The Island of Missing Trees is undoubtedly the most beautiful, most lyrical book I’ve read recently. I previously enjoyed Elif Shafak’s The Bastard of Istanbul but feel she outdid herself with this newest book. Shafak writes with imagination, originality, and a hefty dose of magical realism of the people and natural environment of Cyprus.
Cyprus has a turbulent history, governed in succession by Greece, Turkey, and Britain; finally, the UN moves in to help settle a long-running civil war. Besides providing a Romeo and Juliet-type love story, this novel gives a knowledgeable yet compassionate account of Cyprus’s tragic past, looking in depth at its inhabitants and communities, fractured by war, partition, and religion.
The narrative switches from the late 2010s to the past 1970s, the setting shifts from London to Cyprus, and the narration moves between Ada, her father, and a fig tree. First the reader meets Ada, a sixteen-year-old girl of Cypriot origins, raised almost entirely without knowledge of her family or its past. After the death of her mother only months before, Ada struggles to hold herself together. Ada’s father, Kostas (a Christian Greek), and mother, Defne (a Turkish Muslim), fell in love, but due to the disapproval of both their families, they keep their relationship a secret. The couple is torn apart when Kostas is sent to England at the height of the civil war. Years later, after his wife’s death, he retreats into his studies of ecology and trees.

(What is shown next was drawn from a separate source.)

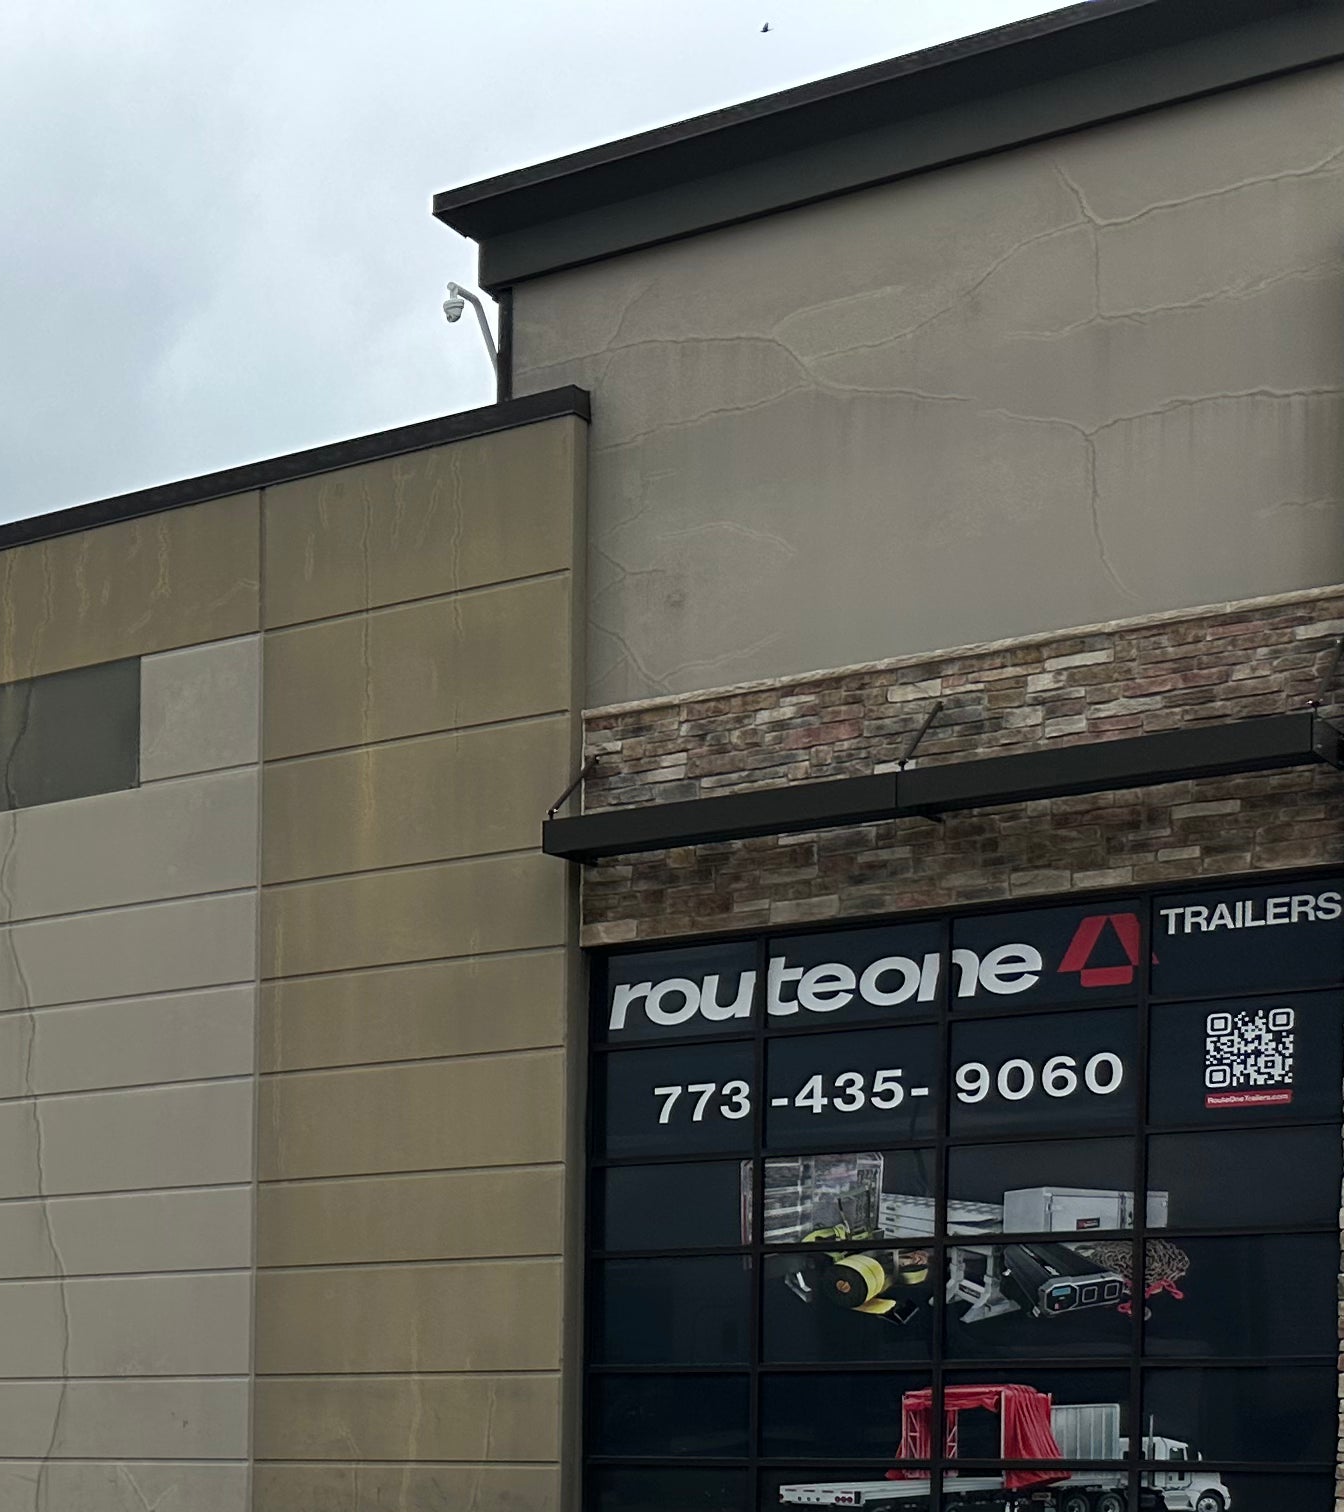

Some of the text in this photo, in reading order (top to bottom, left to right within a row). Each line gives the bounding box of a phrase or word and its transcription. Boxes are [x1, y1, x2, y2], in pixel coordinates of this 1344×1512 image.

[1160, 891, 1343, 935] TRAILERS
[609, 942, 1043, 1031] routeone
[654, 1080, 751, 1124] 773
[955, 1052, 1124, 1104] 9060
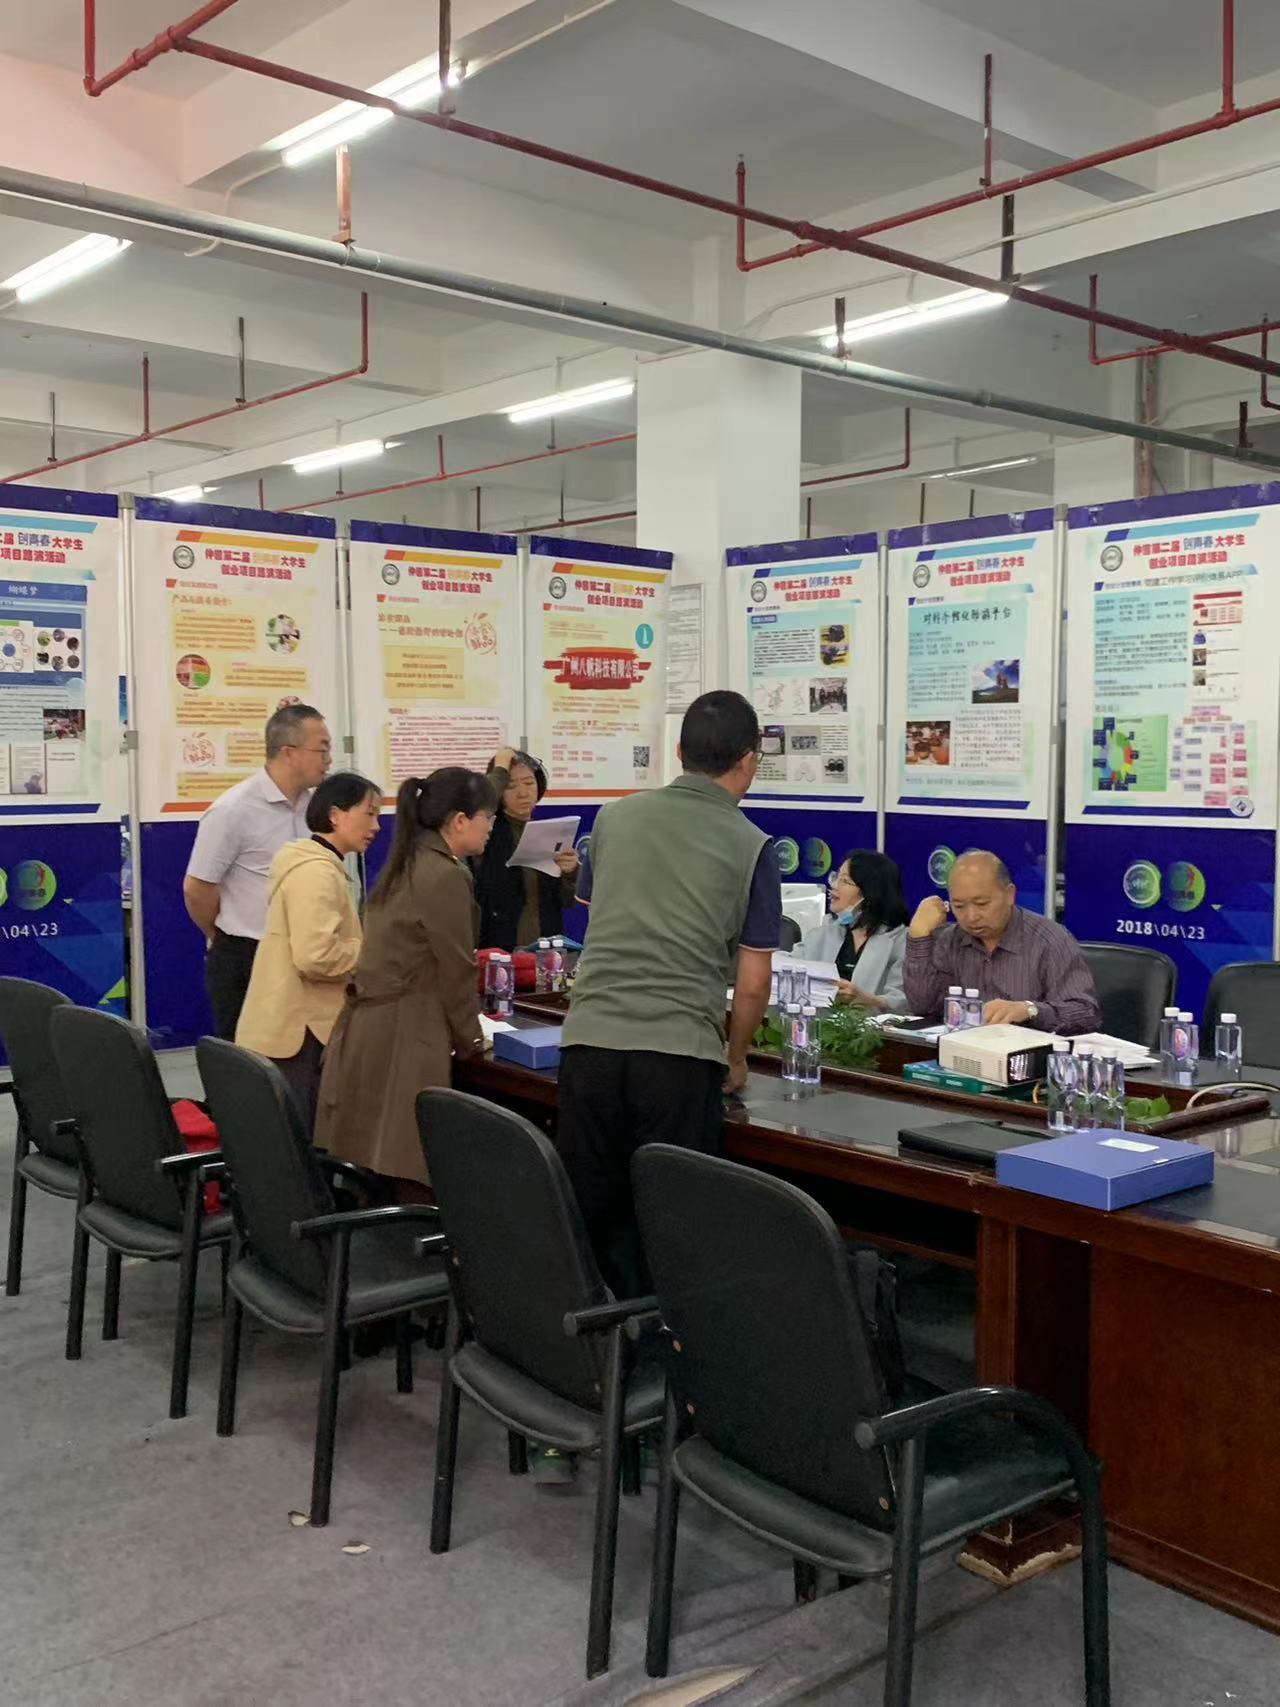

This book is powerful, moving, and profound without being stuffy. Though I was moved to tears several times (and at the end felt like I needed a good, cleansing cry), Shafak never resorts to sentimentality as she writes of the depths of war and loss—and the epigenetic changes those traumas evoke. Shafak masterfully connects our human lives with those of the natural world, particularly trees.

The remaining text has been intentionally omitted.